Brain-Controlled Robotic Arm System Based on Multi-Directional CNN-BiLSTM Network Using EEG Signals

• Published in: IEEE transactions on neural systems and rehabilitation engineering Vol. 28; no. 5; pp. 1226 - 1238
• Main Authors: Jeong, Ji-Hoon, Shim, Kyung-Hwan, Kim, Dong-Joo, Lee, Seong-Whan
• Format: Journal Article
• Language: English
• Published: United States IEEE 01.05.2020; The Institute of Electrical and Electronics Engineers, Inc. (IEEE)

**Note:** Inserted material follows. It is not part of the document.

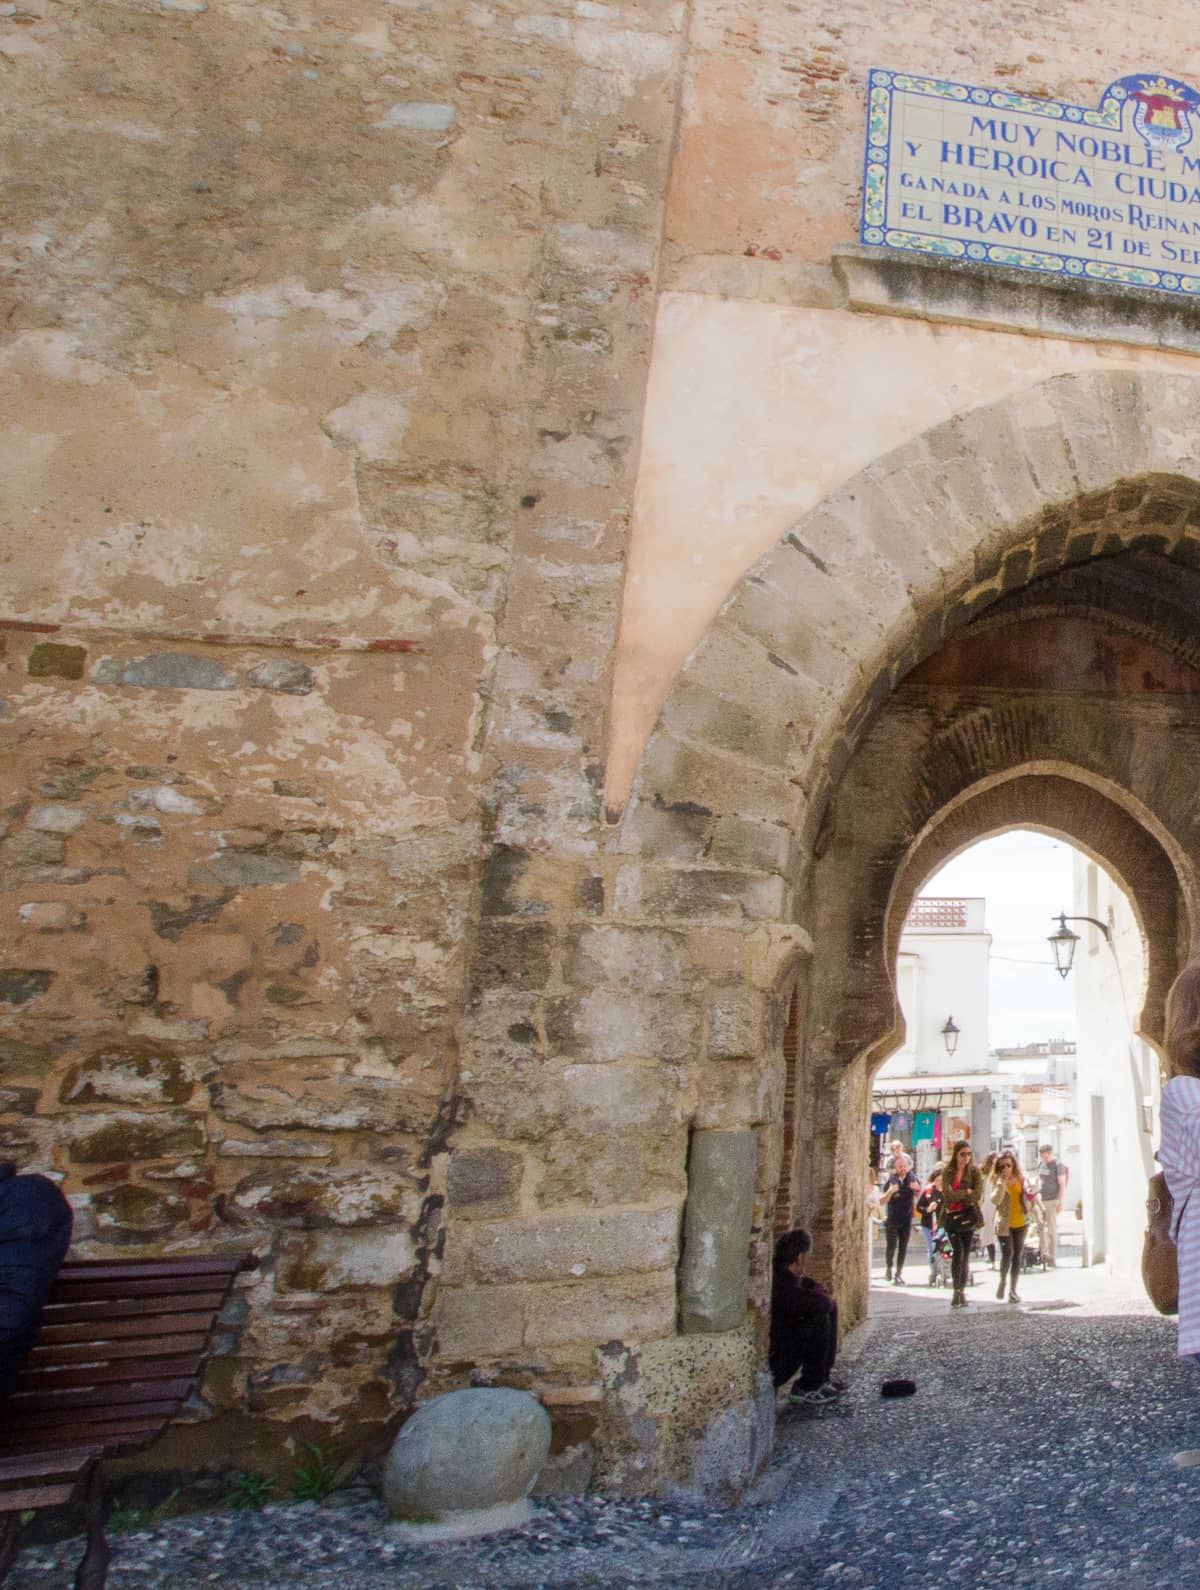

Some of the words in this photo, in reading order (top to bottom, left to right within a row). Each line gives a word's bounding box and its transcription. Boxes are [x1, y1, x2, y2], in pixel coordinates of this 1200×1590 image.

• Subjects: Artificial neural networks; Brain; Brain–machine interface (BMI); Convolution; Correlation analysis; Correlation coefficient; Correlation coefficients; Decoding; Deep learning; EEG; electroencephalogram (EEG); Electroencephalography; Extremities; Image acquisition; Interfaces; intuitive robotic arm control; Long short-term memory; Machine learning; Man-machine interfaces; Manipulators; motor imagery; Neural networks; Robot arms; Robot control; Robotics; Task analysis; Three-dimensional displays; Velocity distribution
• ISSN: 1534-4320; 1558-0210; 1558-0210
• DOI: 10.1109/TNSRE.2020.2981659

Brain-machine interfaces (BMIs) can be used to decode brain activity into commands to control external devices. This paper presents the decoding of intuitive upper extremity imagery for multi-directional arm reaching tasks in three-dimensional (3D) environments. We designed and implemented an experimental environment in which electroencephalogram (EEG) signals can be acquired for movement execution and imagery. Fifteen subjects participated in our experiments. We proposed a multi-directional convolution neural network-bidirectional long short-term memory network (MDCBN)-based deep learning framework. The decoding performances for six directions in 3D space were measured by the correlation coefficient (CC) and the normalized root mean square error (NRMSE) between predicted and baseline velocity profiles. The grand-averaged CCs of multi-direction were 0.47 and 0.45 for the execution and imagery sessions, respectively, across all subjects. The NRMSE values were below 0.2 for both sessions. Furthermore, in this study, the proposed MDCBN was evaluated by two online experiments for real-time robotic arm control, and the grand-averaged success rates were approximately 0.60 (±0.14) and 0.43 (±0.09), respectively. Hence, we demonstrate the feasibility of intuitive robotic arm control based on EEG signals for real-world environments.